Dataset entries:
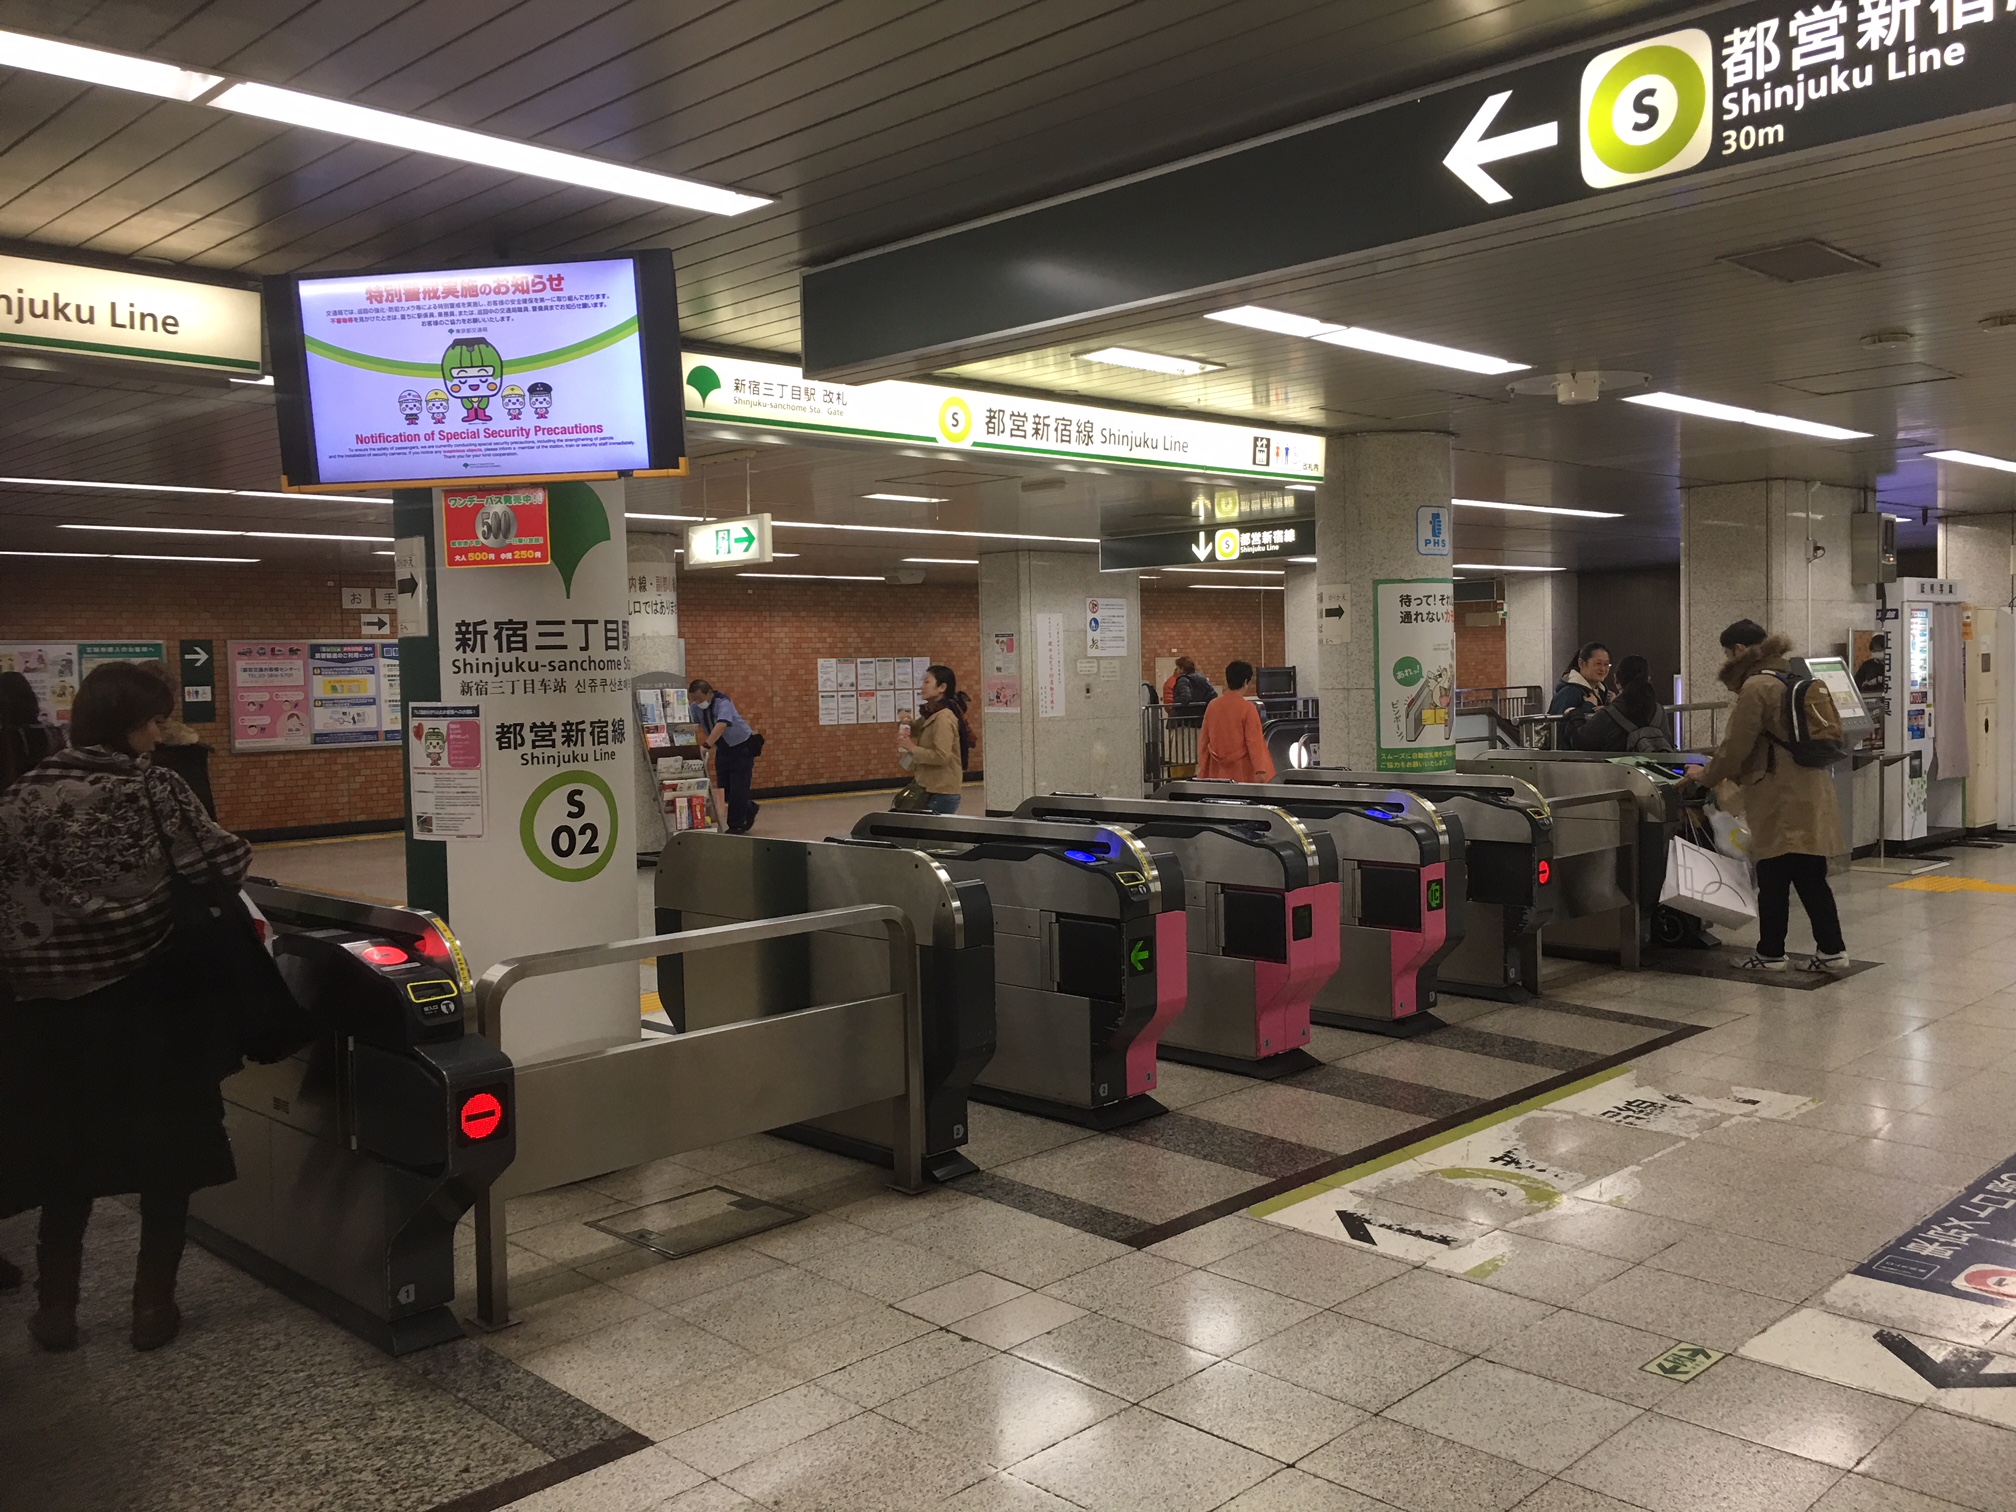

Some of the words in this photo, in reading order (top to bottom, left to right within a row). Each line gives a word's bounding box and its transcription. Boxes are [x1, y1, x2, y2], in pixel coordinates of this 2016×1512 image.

[1722, 63, 1873, 121] Shinjuku
[1887, 42, 1966, 81] Line
[1631, 88, 1660, 132] S
[1722, 123, 1785, 156] 30m
[365, 273, 565, 305] 特別警戒実施のお知らせ
[110, 301, 180, 335] Line
[421, 315, 515, 327] お客様のご協力をお願いいたします。
[733, 378, 816, 402] 新宿三丁目駅
[822, 389, 848, 406] 改札
[733, 396, 807, 413] Shinjuku-sanchome
[809, 405, 823, 414] Sta.
[827, 407, 844, 417] Gate
[951, 411, 959, 428] S
[985, 407, 1095, 446] 都営新宿線
[355, 431, 420, 445] Notification
[424, 430, 435, 442] of
[438, 428, 480, 443] Special
[483, 426, 531, 439] Security
[534, 423, 603, 437] Precautions
[537, 438, 557, 446] including
[564, 437, 593, 445] strengthening
[1100, 427, 1159, 451] Shinjuku
[1163, 435, 1189, 453] Line
[581, 441, 597, 449] security
[480, 510, 511, 540] 500
[1224, 540, 1231, 549] S
[1240, 528, 1296, 547] 都営新宿線
[1424, 538, 1447, 548] PHS
[1240, 545, 1266, 554] Shinjuku
[1266, 544, 1280, 552] Line
[350, 592, 362, 605] お
[383, 592, 396, 605] 手
[452, 655, 622, 678] Shinjuku-sanchome
[1396, 664, 1420, 679] あれっ!
[459, 677, 567, 697] 新宿三丁目车站
[495, 717, 626, 751] 都営新宿線
[520, 750, 589, 767] Shinjuku
[593, 748, 616, 762] Line
[566, 789, 586, 819] S
[551, 822, 600, 858] 02
[1430, 887, 1439, 902] IC

**Your instructions:**
Every entry above needs to be duplicated precisely, and none of the pictures should appear.

**Exercise response:**
Some of the words in this photo, in reading order (top to bottom, left to right within a row). Each line gives a word's bounding box and its transcription. Boxes are [x1, y1, x2, y2], in pixel coordinates of this 2016×1512 image.

[1722, 63, 1873, 121] Shinjuku
[1887, 42, 1966, 81] Line
[1631, 88, 1660, 132] S
[1722, 123, 1785, 156] 30m
[365, 273, 565, 305] 特別警戒実施のお知らせ
[110, 301, 180, 335] Line
[421, 315, 515, 327] お客様のご協力をお願いいたします。
[733, 378, 816, 402] 新宿三丁目駅
[822, 389, 848, 406] 改札
[733, 396, 807, 413] Shinjuku-sanchome
[809, 405, 823, 414] Sta.
[827, 407, 844, 417] Gate
[951, 411, 959, 428] S
[985, 407, 1095, 446] 都営新宿線
[355, 431, 420, 445] Notification
[424, 430, 435, 442] of
[438, 428, 480, 443] Special
[483, 426, 531, 439] Security
[534, 423, 603, 437] Precautions
[537, 438, 557, 446] including
[564, 437, 593, 445] strengthening
[1100, 427, 1159, 451] Shinjuku
[1163, 435, 1189, 453] Line
[581, 441, 597, 449] security
[480, 510, 511, 540] 500
[1224, 540, 1231, 549] S
[1240, 528, 1296, 547] 都営新宿線
[1424, 538, 1447, 548] PHS
[1240, 545, 1266, 554] Shinjuku
[1266, 544, 1280, 552] Line
[350, 592, 362, 605] お
[383, 592, 396, 605] 手
[452, 655, 622, 678] Shinjuku-sanchome
[1396, 664, 1420, 679] あれっ!
[459, 677, 567, 697] 新宿三丁目车站
[495, 717, 626, 751] 都営新宿線
[520, 750, 589, 767] Shinjuku
[593, 748, 616, 762] Line
[566, 789, 586, 819] S
[551, 822, 600, 858] 02
[1430, 887, 1439, 902] IC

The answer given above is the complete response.